Hey, horror fans! As you might know, this Friday is the U.S. release date for The Mummy, the latest iteration of Universal Pictures’ classic Egyptian monster first brought to celluloid life by the legendary Boris Karloff in 1932.

This time around, the titular character is a woman—Princess Ahmanet, played by Sofia Boutella, whom you might remember from the popular movies Kingsman: The Secret Service (she was the blade-footed assassin) and Star Trek Beyond. And trying to stop her plans for world domination is none other than megastar Tom Cruise, with some help from Russell Crowe—who’s playing Dr. Henry Jekyll and his notorious counterpart, Mr. Hyde! It’s the kickoff title in Universal’s “Dark Universe” line of movies, to be followed by rebooted versions of The Bride of Frankenstein, The Wolfman, The Hunchback of Notre Dame, and The Creature From the Black Lagoon.

white_fell_large_book_cover2017Speaking of female monsters, are you familiar with the story of White Fell—The Werewolf? Originally published in 1896 as The Were-wolf, it was written by renowned author, artist, and suffragette Clemence Annie Housman, and is regarded by scholars as perhaps the first feminist werewolf story. It’s also the launch title of our SWC Horror Bites line of chapbooks. Here’s the back-cover copy from our edition:

A beautiful woman wanders into a snowbound village—and into the hearts of twin brothers, one of whom immediately becomes smitten by her.
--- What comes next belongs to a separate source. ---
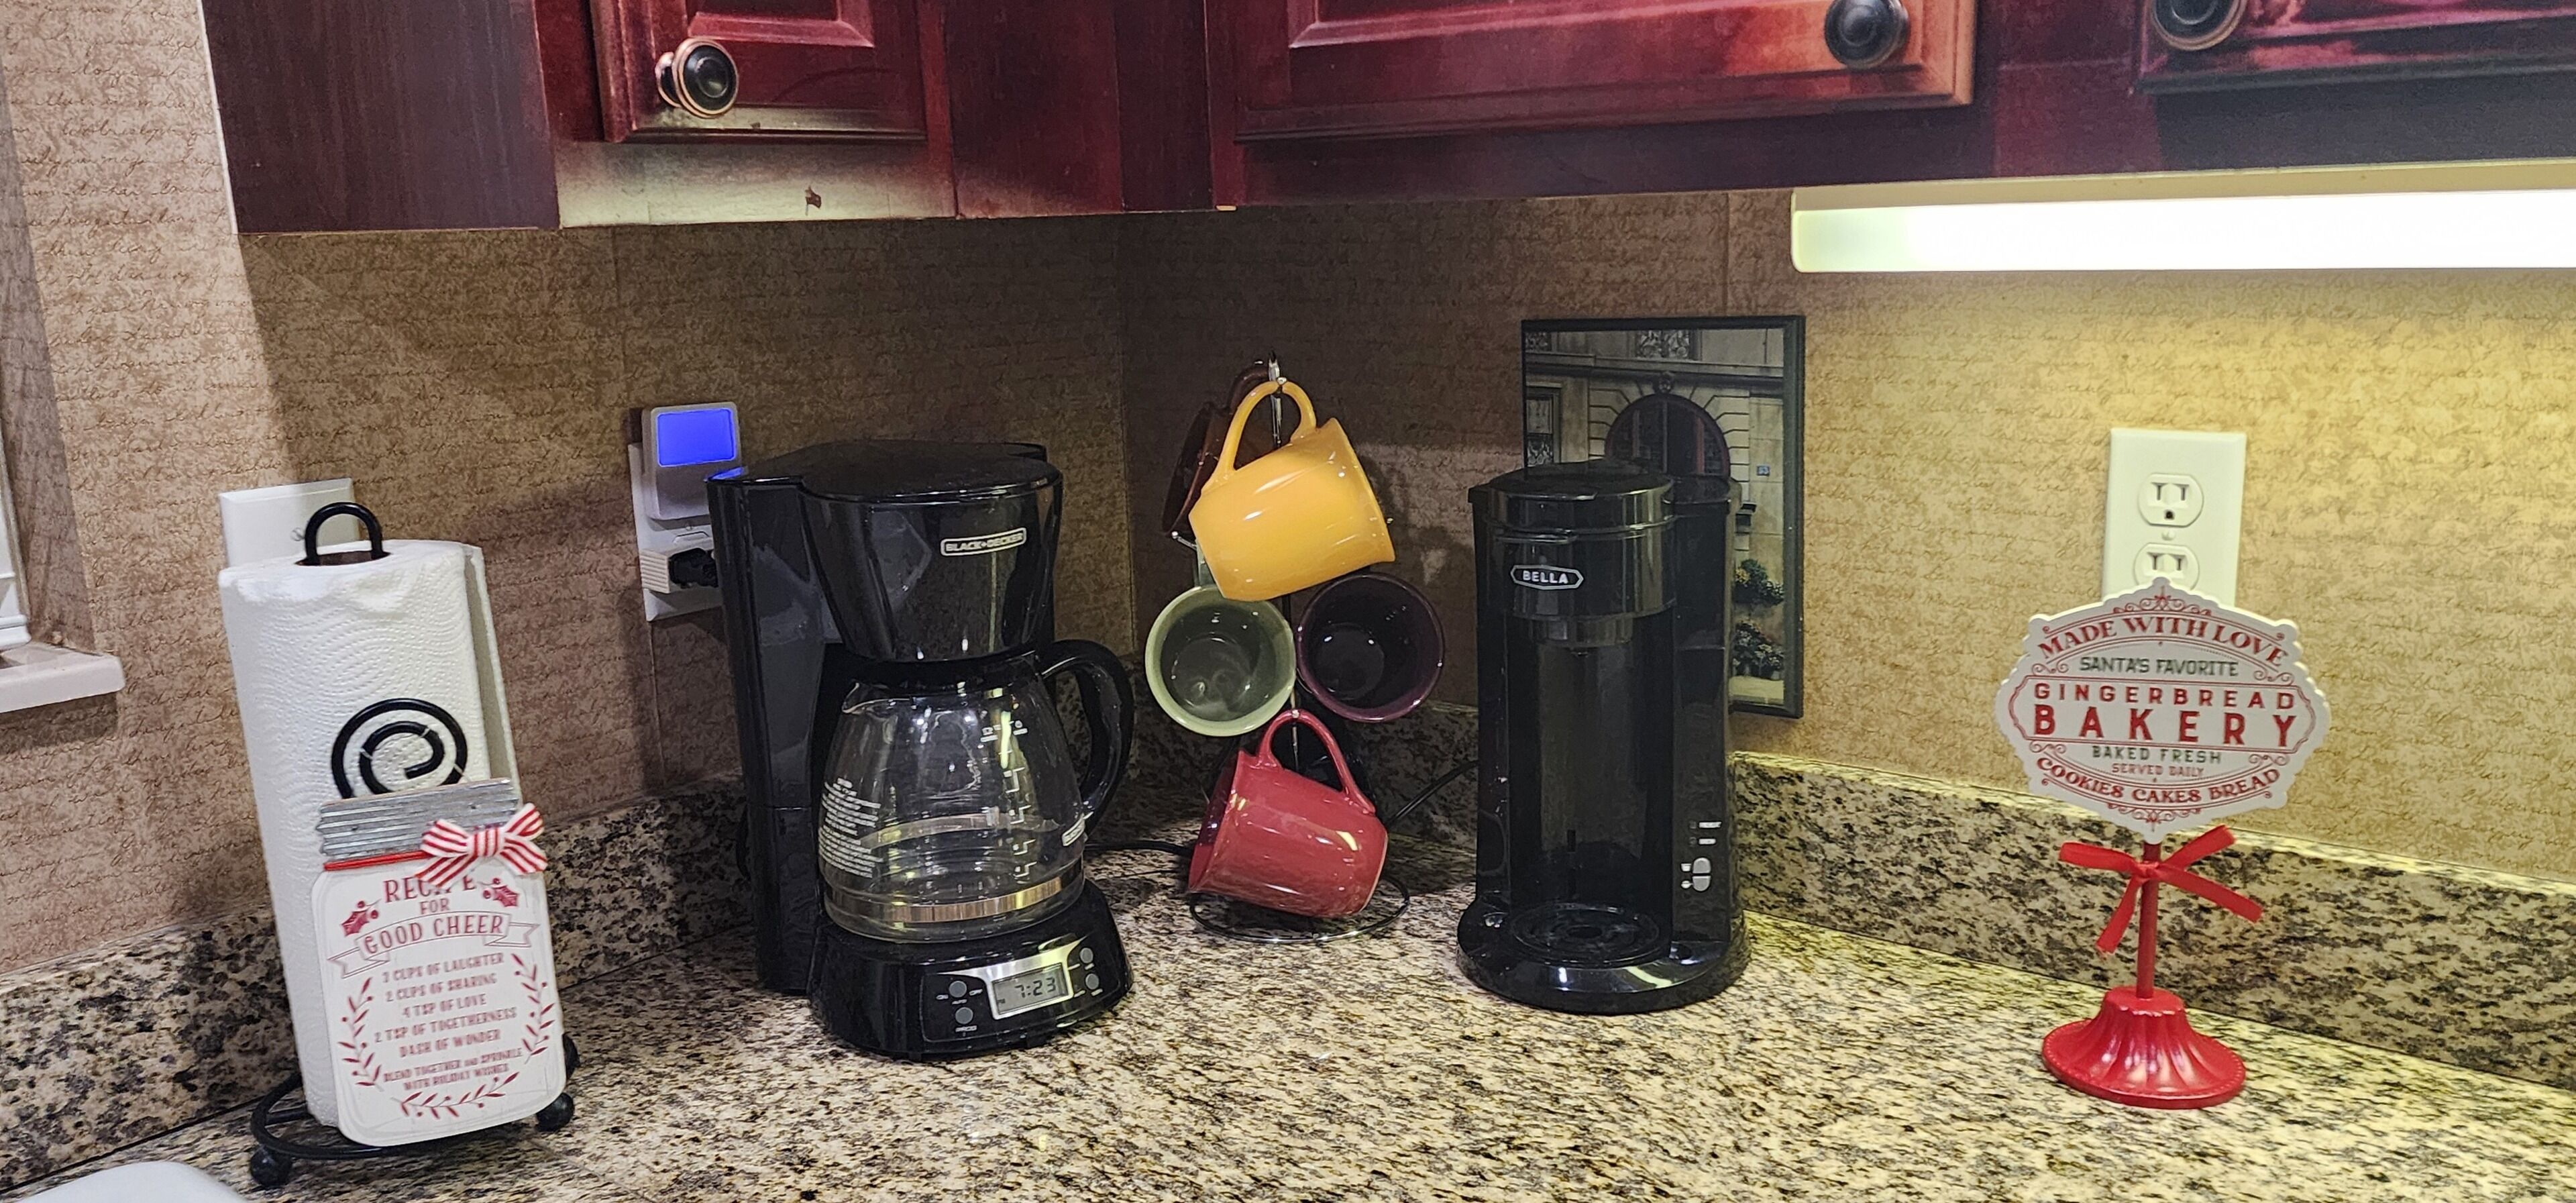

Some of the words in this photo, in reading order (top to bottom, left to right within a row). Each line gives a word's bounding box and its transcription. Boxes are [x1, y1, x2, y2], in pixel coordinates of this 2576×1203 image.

The other brother, however, soon grows suspicious of the enigmatic White Fell. Where did she come from? Why does she always carry an ax? And is her sudden appearance somehow related to the recent sightings of a bloodthirsty wolf in the area?

He may come to regret being so inquisitive…

Critics have continued to enjoy it, even 121 years after its first publication:

“For Housman, the female werewolf is a vehicle for her to present a strong feminist-inspired female character…. It is possible that Housman was telling the world that women had a hidden strength and that men should beware of their own hidden nature.”—The Nuke Mars Journal of Speculative Fiction

“White Fell is interesting because she subverts many of the tropes of the monstrous woman—i.e without maternal instincts, animalistic, lustful, etc. She is a femme fatale only in the most basic sense that she is a deadly woman.”—International Gothic Association

White Fell—The Werewolf is on sale right now in print and digital formats, so visit its product page for further information and order it today.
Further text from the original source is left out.